Our trainer taught with the word "free" as a release word. As in you're free to go get it, get up, go run around etc. He used yes and good for praise when things were done correctly.


----------



## WateryTart (Sep 25, 2013)

Jax08 said:


> Dogs don't speak English. You can use the word Papaya for a release word and it would be ok
> 
> I avoid using words that I use in conversation, such as Okay. Imagine you have your dog in a down and you are talking to someone. You use the word Okay and your dog is up and running. Yup...that happened!
> 
> You could switch out Okay with "get it" or "go!"


This.

I do use "good" and "okay" the way you do, but my dog is actually pretty good about discerning when I'm using "okay" conversationally and when I'm releasing her. She will wait for me to look directly at her and give the release command.


----------



## ausdland (Oct 21, 2015)

I use OK. Not a good choice as I say that a lot. Free has been suggested to me.


----------



## Fodder (Oct 21, 2007)

Dogs can learn many words as well as context. I'm pretty specific with my verbal depending on the situation - good / yes / nice / perfect..... ok / go / eat / get it / bring it / that's it.


----------



## cdwoodcox (Jul 4, 2015)

Jax08 said:


> Dogs don't speak English. You can use the word Papaya for a release word and it would be ok
> 
> I avoid using words that I use in conversation, such as Okay. Imagine you have your dog in a down and you are talking to someone. You use the word Okay and your dog is up and running. Yup...that happened!
> 
> You could switch out Okay with "get it" or "go!"

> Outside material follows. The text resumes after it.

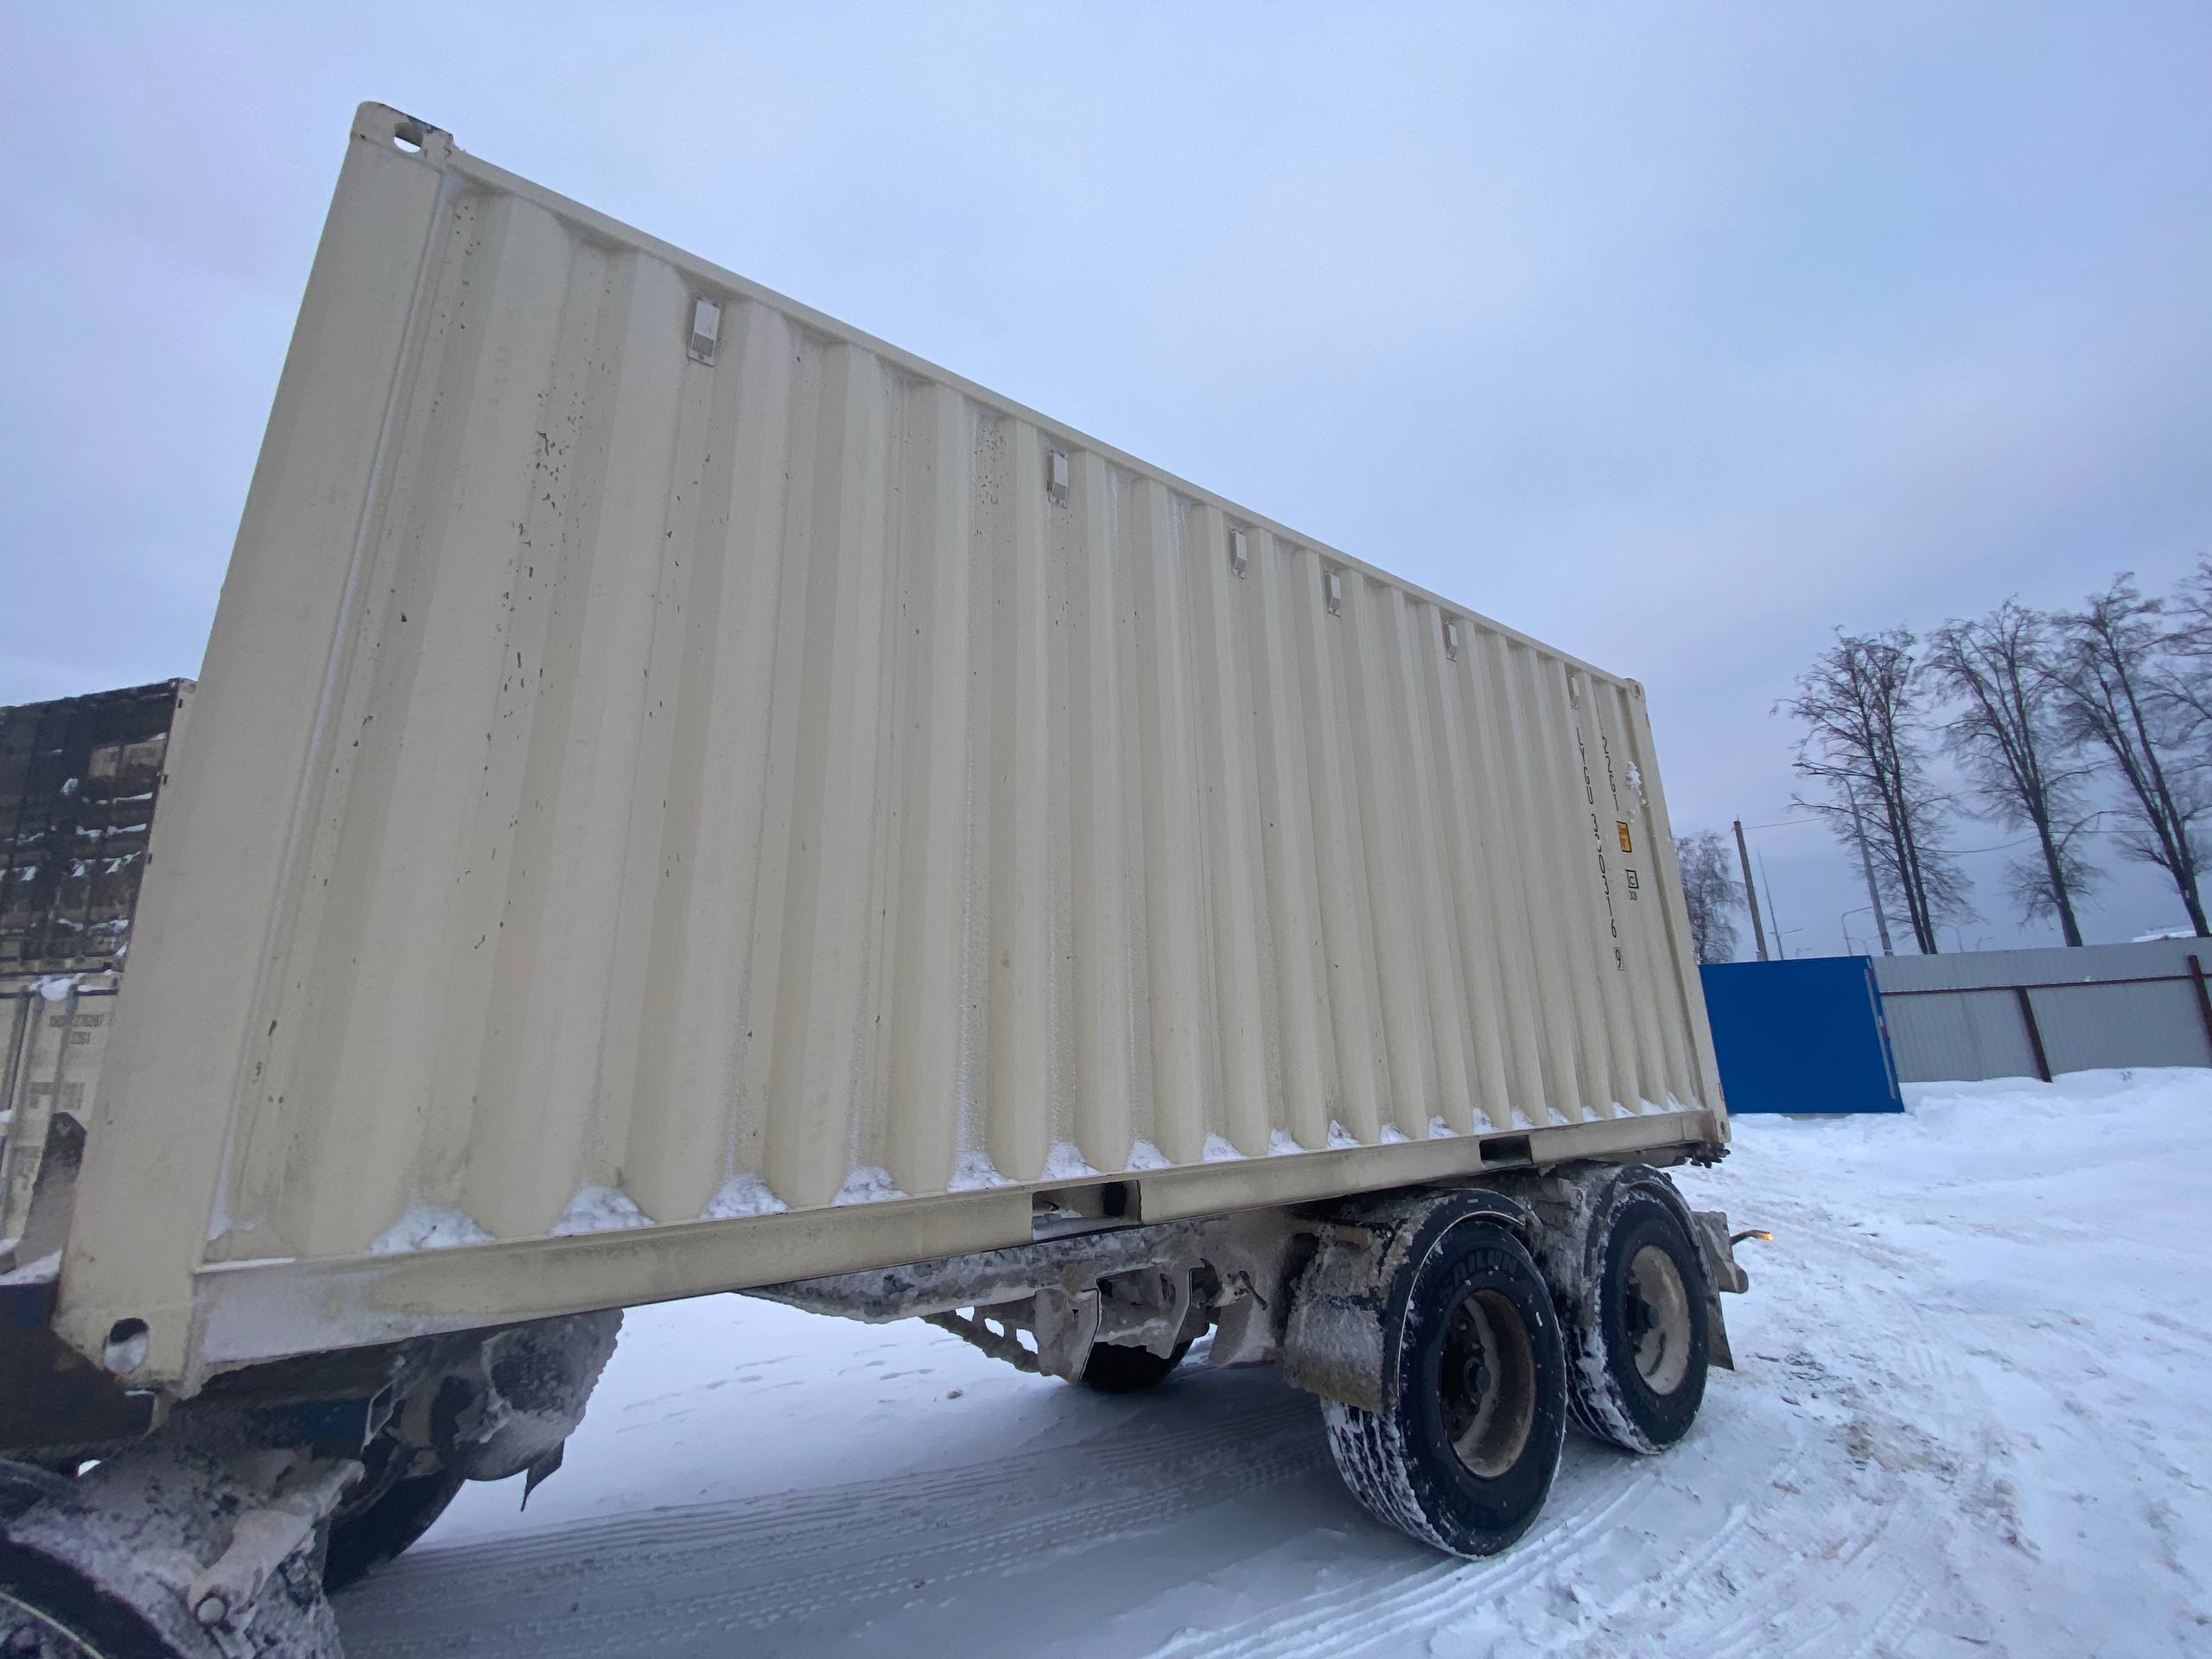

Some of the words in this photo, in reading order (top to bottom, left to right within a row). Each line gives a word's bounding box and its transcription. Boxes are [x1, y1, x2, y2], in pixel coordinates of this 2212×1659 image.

This just happened to me at club on Sunday. I put the dog into a down and said" stay" as I walked away. The head trainer then told me that in IPO you cannot tell the dog to stay. Say sit and she should sit until told otherwise. So I'm standing there holding her tug and I told Jan "OK" and all of a sudden here comes Athena flying to get her tug. I was like "what are you doing get back there" then I was informed that as soon as I said OK she heard me and was gone.


----------



## Jenny720 (Nov 21, 2014)

Yes I use okay or all done or finished. Max will always look at me to give him the green light it has to come from me. Love those intense focus eyes. Today was nail day I had told luna to sit - she is so good by the way I knicked her quick and she did not even budge or seem to feel it. when I was done with her nails I got up and put things. I saw her in the same spot just sitting and realized I did not release her or say all done okay or finished. She is so cute and seems to like this as if a game of Simon says. Or she just wanted more treats its hard to say.


----------